Resource links provided by NLM:


Further study details as provided by Groupe Francophone des Myelodysplasies:

Primary Outcome Measures:
  • To determine the major erythroid response rate after 6 courses, assessed according to IWG 2000 criteria [ Time Frame: after 6 courses of treatment in the respective treatment arm ] [ Designated as safety issue: No ]

Secondary Outcome Measures:
  • Degree and duration of erythroid response (including red blood cell transfusion independence),overall survival and time to progression and toxicity [ Time Frame: after 4 and 6 months of treatment until the end of study ] [ Designated as safety issue: Yes ]

Enrollment: 98
Study Start Date: February 2009
Study Completion Date: March 2014
Primary Completion Date: March 2014 (Final data collection date for primary outcome measure)
Arms Assigned Interventions
Active Comparator: Arm A
Azacitidine 75mg/sqm SQ per day for 5 days every 28 days for 6 courses and 12 additional maintenance courses in responders.
Drug: Azacitidine
Azacitidine 75mg/sqm SQ per day for 5 days every 28 days
Other Name: Vidaza®
Active Comparator: Arm B

Azacitidine: 75mg/sqm SQ per day for 5 days every 28 days for 6 courses AND

Epoetin beta : 60000U weekly SQ injections (to be adapted according to Hb as described above)

12 additional maintenance courses are planned in responders

Drug: Azacitidine
Azacitidine 75mg/sqm SQ per day for 5 days every 28 days
Other Name: Vidaza®
Drug: Epoetin beta

Epoetin beta : 60000U weekly SQ injections

NeoRecormon®

Other Name: Epoetin beta : 60000U weekly SQ injections

  Hide Detailed Description

Detailed Description:

Phase II Study of Azacitidine (Vidaza®) Combined to Epoetin Beta (NeoRecormon®) in IPSS Low-risk and Intermediate-1 MDS Patients, Resistant to ESA

The Primary Endpoint of this study is to determine the major erythroid response rate after 6 courses, assessed according to IWG 2000 criteria.

The Secondary Endpoints are to determine the percentage of major HI-E and minor HI-E after 4 and 6 courses according to IWG 2000, the HI-E IWG 2006 criteria, the duration of erythroid response, the red blood cell transfusion independence at 4 and 6 months, the overall survival and time to IPSS progression and the toxicity (NCI-CTAE).

The trial will enroll 98 patients (49 patients per arm)

Treatment in arm A:

Azacitidine 75mg/sqm SQ per day for 5 days every 28 days for 6 courses Dosing of each subsequent course will be adapted according to extrahematological toxicity and cytopenias.

In responders after 6 courses of azacitidine according to IWG 2000 criteria (both minor and major erythroid responses of HI-E) 12 identical additional maintenance courses will be delivered every 28 days, unless relapse occurs (according to IWG 2000 criteria).

Treatment in arm B:

• Azacitidine 75mg/sqm SQ per day for 5 days every 28 days for 6 courses.

(dosing of each subsequent course will be adapted according to extra hematological toxicity and cytopenias) AND

• Epoetin beta : 60000U weekly SQ injections Dosing of epoetin beta will be adapted according to current ASH-ASCO guidelines and black box warning of epoetin beta.
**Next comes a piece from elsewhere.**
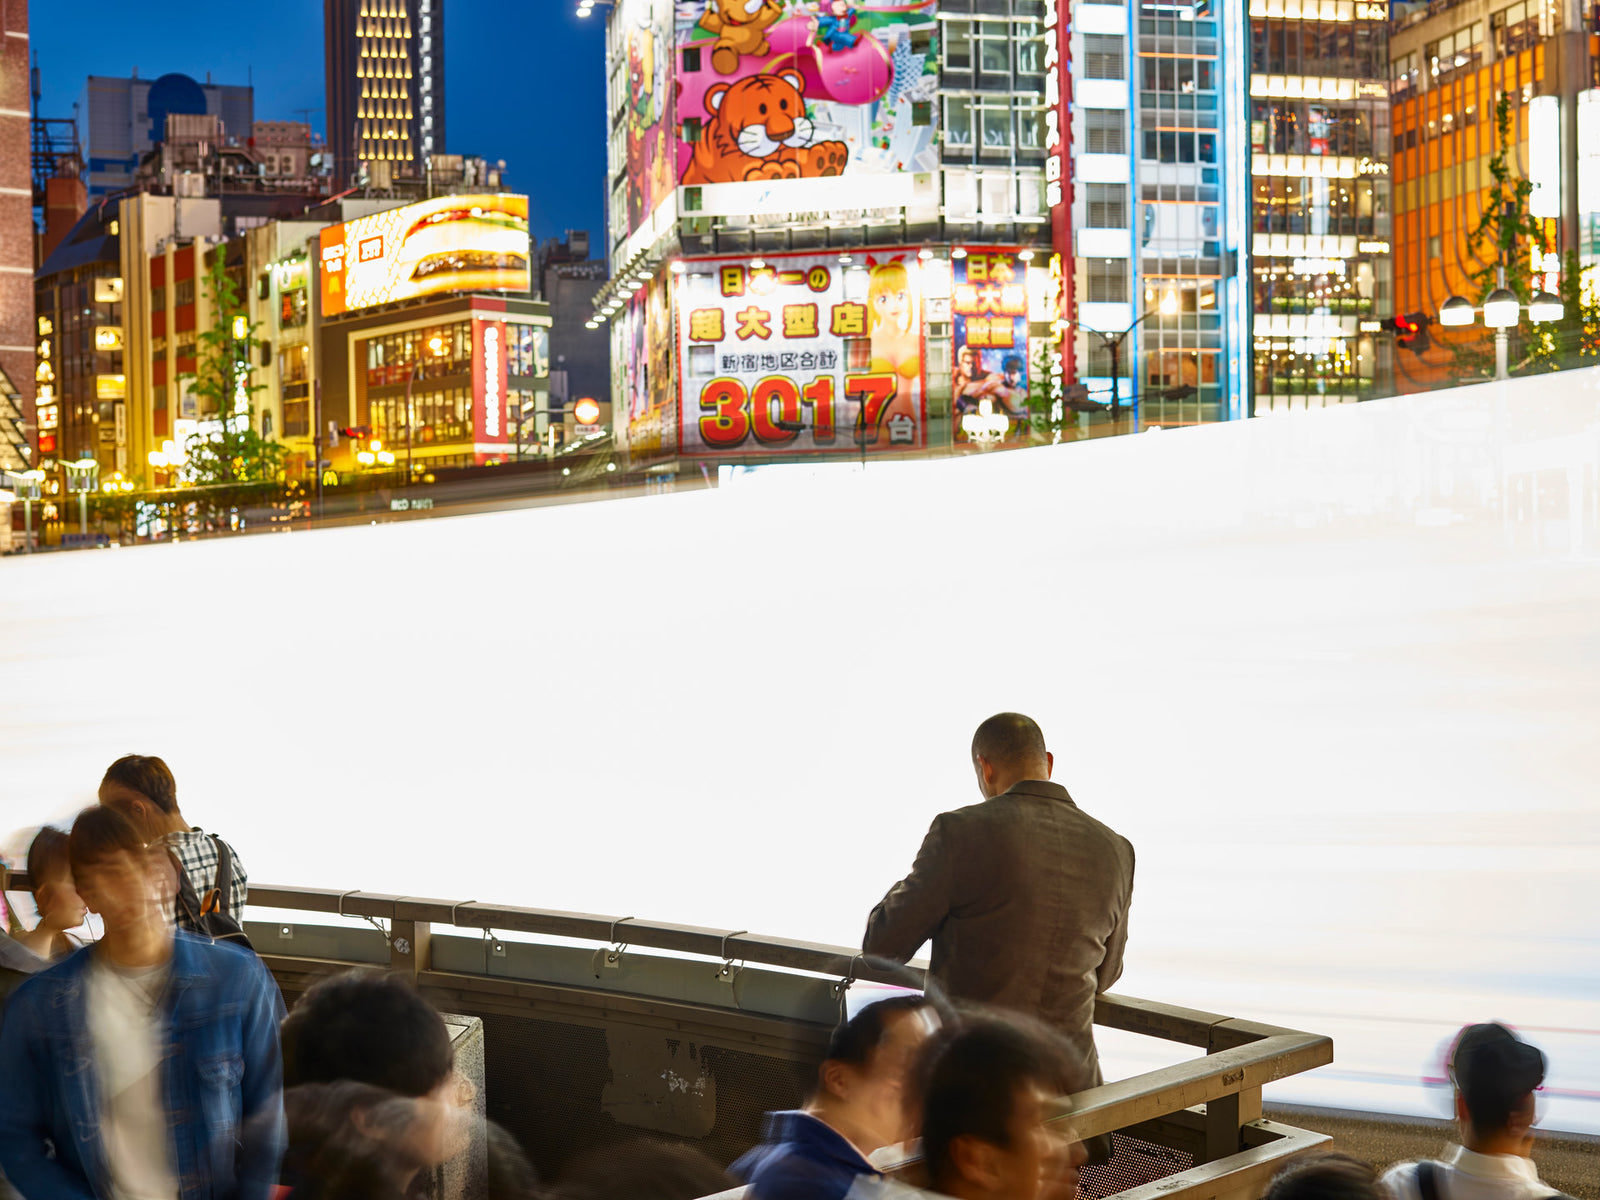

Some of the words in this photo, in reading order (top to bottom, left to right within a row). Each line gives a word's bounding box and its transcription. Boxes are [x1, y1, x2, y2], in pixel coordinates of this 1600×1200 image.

[967, 254, 1015, 281] 日本
[689, 302, 867, 341] 超大型店
[722, 351, 837, 373] 新宿地区合計
Epoetin beta therapy may therefore be interrupted, in case of response to azacitidine, as soon as a hemoglobin level of 12g/dl is achieved on two sequential bimonthly blood count measurements.
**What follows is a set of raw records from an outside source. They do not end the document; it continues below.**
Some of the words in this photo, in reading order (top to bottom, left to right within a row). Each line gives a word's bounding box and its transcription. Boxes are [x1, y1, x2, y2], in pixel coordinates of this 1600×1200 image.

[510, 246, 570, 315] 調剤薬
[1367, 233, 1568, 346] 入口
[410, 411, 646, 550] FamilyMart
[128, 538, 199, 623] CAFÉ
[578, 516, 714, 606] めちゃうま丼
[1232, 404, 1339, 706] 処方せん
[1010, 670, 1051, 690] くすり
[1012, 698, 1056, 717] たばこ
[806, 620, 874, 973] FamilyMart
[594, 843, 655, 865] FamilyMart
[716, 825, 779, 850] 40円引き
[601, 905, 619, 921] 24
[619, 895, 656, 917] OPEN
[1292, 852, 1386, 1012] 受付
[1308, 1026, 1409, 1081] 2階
A 40% dose reduction of epoetin beta will be required if:

  • Hb level rise of 1 g/dl is observed within two weeks
  • Hb level exceeds 11g/dl

In responders after 6 courses of azacitidine + epoetin beta, according to IWG 2000 criteria (both minor and major erythroid responses of HI-E) 12 identical additional maintenance courses of azacitidine will be delivered every 28 days, unless relapse occurs (according to IWG 2000 criteria) Epoetin beta will be administered as described above.

In both arms, each subsequent course will be delivered

  • In absence of persistent grade >2 non-hematological toxicity
  • In absence of rehospitalisation for severe bleeding, infection or febrile neutropenia and non-hematological toxicity following the previous course
  • If neutrophil counts are > 1G/l or > 50% of baseline neutrophil counts
  • If platelets are > 75G/l or > 50% of baseline platelets counts

In case of persistent cytopenia, blood counts will be at least checked every 2 weeks, and the next course delayed until resolution of cytopenia, as defined above.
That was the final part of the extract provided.